• Katharine Coles


Sometimes I forget I’m a woman—at least—I forget to think of myself as a woman.

Sarah Perry



A young man asks the philosopher of enchantment to explain enchantment’s necessary conditions. Number three of three is ‘Woman’.


In Ubud, in rustic spa luxury, I stand swimsuited in a shaft of sunlight before my mirror, and run my clippers, nape to crown. Hair glints and falls over my shoulders.

A flash in the mirror. Five young, sarong-clad men, who have carried my bags and lit my mosquito coils, press noses to my window. When I turn, they applaud. Not they who are caught, novel.

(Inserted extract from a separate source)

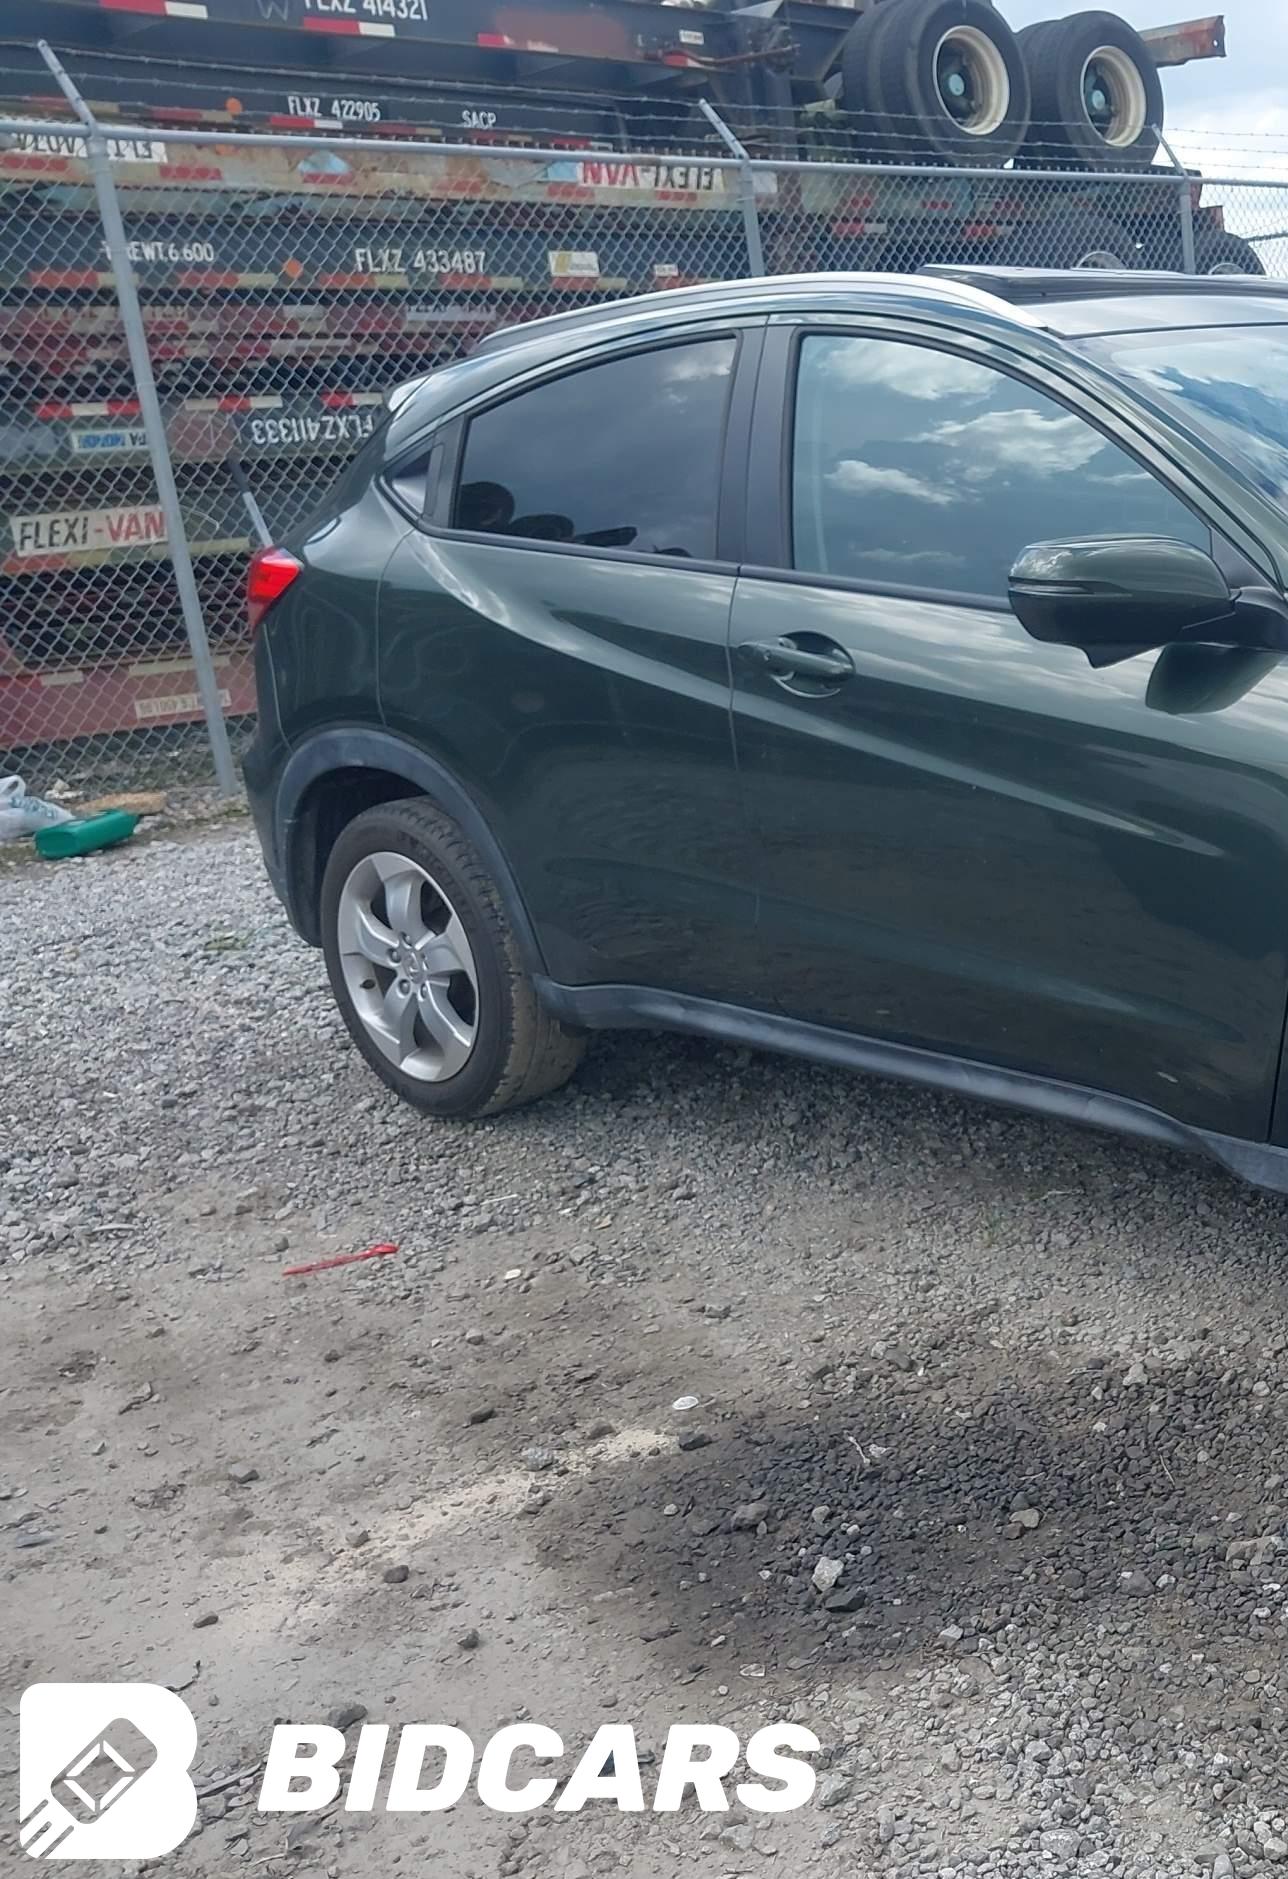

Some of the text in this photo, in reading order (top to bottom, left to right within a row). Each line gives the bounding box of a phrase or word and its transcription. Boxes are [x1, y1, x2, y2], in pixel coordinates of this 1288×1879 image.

Back in the mirror, eyes on me, I resume.


Mary Ruefle says, ‘When you become invisible, you become your inner life’. Not vice versa.

Dickinson says,

Are you — Nobody — too?


In Van Eyck’s Annunciation, Mary stands by a window, hand raised to welcome or fend her visitor off, who knows, averting her gaze against him.

The angel bears impossible rainbow wings. The lily at Mary’s feet will not fade, though she’s not, depending on translation, necessarily a virgin. An old story: his desire configures her body, its power assent enough for both.

I am meant to watch.

The light’s northern pallor; heavenly brocades celebrating the local cloth economy: with what optical devices, high-tech at the time, did van Eyck effect his minute brushstrokes?

Years ago, I wrote:

A machine for faith ...

... never fails


Its cue to transport  ...

Those wings and lilies —

still frankly send me; the Holy Spirit, too, a dove riding a sunbeam straight into Mary’s head,

who looks—not coy—absorbed. The story teaches modesty, submission. But follow Mary’s eyes. She gazes at the future, hatching her idea. Making history.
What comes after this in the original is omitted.